Twenty fours later, her parents walked in ready to take their daughter home.
“It could have been a lot of worse,” Julie Marcus said. “But the program took great care of her and really the doctors did, too.”
It would still be two days before Marcus would be released to return home, but even that turned out to be a good thing.
When she left her summer Dragons back in San Juan Laguna, she thought she’d be returning from the clinic to see them again.
Little did she know her trip would end with the sudden surgery and no good-byes.
“I was so sad at the hospital, knowing I’d be leaving and not getting a chance to say good-bye, but it all happened so fast,” Katherine Marcus said. “But I did want to go home because I was scared they might have messed something up.”
Instead, though, that special group of summer Dragons found a way to come to the hospital, instead.
“After 30 days with people, you really grow close,” Marcus said. “They found a way to come to the hospital and I really needed that. It was so sweet. We were all crying.”
On Thursday, three days after her surgery, Marcus was given the green light to return home.
From Guatemala to Miami to New York City to Connecticut.
Inside the family’s baggage, though, a little piece of Marcus came home, too.
Inside a jar of formaldehyde was her appendix.
“I think we’re going to make an ornament out of it,” Katherine Marcus laughed.

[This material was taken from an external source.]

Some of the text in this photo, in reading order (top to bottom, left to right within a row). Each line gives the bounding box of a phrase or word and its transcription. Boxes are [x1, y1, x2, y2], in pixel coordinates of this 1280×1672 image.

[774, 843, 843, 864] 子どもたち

“I told her we should make a necklace out of it, so she could say she still had her appendix,” her mother joked. “She didn’t think that was funny.”

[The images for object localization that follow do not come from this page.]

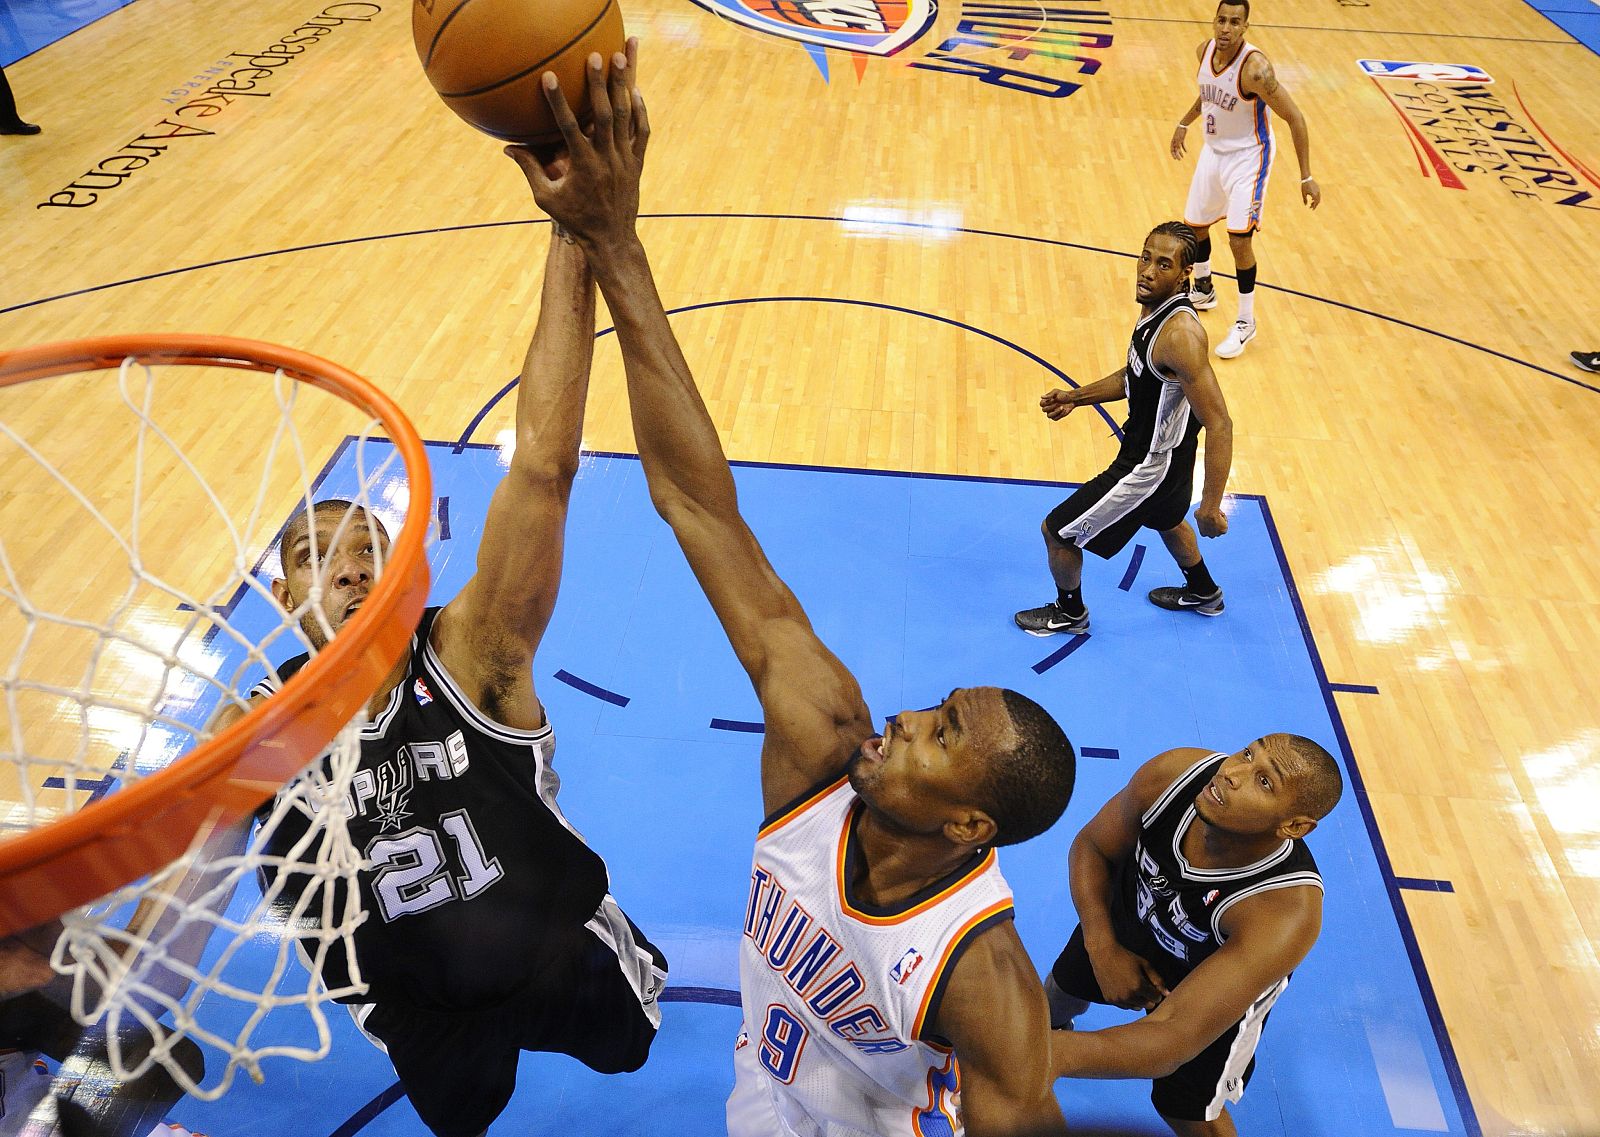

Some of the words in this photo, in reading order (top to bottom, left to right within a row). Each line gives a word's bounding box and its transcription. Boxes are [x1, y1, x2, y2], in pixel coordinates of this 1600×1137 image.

[163, 60, 234, 105] ENERGY
[175, 2, 382, 118] Chesapeake
[905, 0, 1114, 98] NDER
[1199, 83, 1238, 113] HUNDER
[1206, 113, 1217, 135] 2
[1395, 93, 1488, 174] FINALS
[1415, 82, 1543, 202] CONFERENCE
[37, 118, 216, 210] Arena
[1446, 84, 1600, 210] WESTERN
[364, 808, 505, 924] 21
[744, 864, 912, 1056] THUNDER
[757, 1003, 810, 1086] 9

It’s easier to laugh now, though.
“It’s a good fun-fact: I had surgery in Guatemala,” Marcus said, sitting back inside the safe confines of the GFA campus, where Dragons strolled the halls and gymnasiums around her.
The outcome also gave Marcus new perspective.
“I’m glad it happened in some ways because it’s been a humbling experience,” she said. “I lived. That’s a reality that not a lot of Guatemalans would have been able to say.”
Early in the trip, Marcus and her group saw a funeral for an 18-year-old boy who had died.
“We asked what happened and they just said he was sick,” she said. “The fact I could afford that clinic, and afford the surgery, and get flown home. I’m so grateful. It puts things in perspective.”
Marcus had to miss GFA’s cross country season, but she’s back on the basketball court, giving 100 percent.
After the season, and after she graduates, Marcus hopes to get to travel again—even maybe returning to Guatemala.
“I want to go back to the hospital and thank them,” she said. “I wasn’t the most gracious patient. But I want to go to Nicaragua and El Salvador, too. I don’t have an appendix anymore, so what can happen to me? I’m safer now. Whether or not my parents let me, that’s another question.”
Another journey. Another story.
Katherine Marcus is certainly ready to embrace it.
After all, she is Dragon, no matter what school, what country or what program she is in.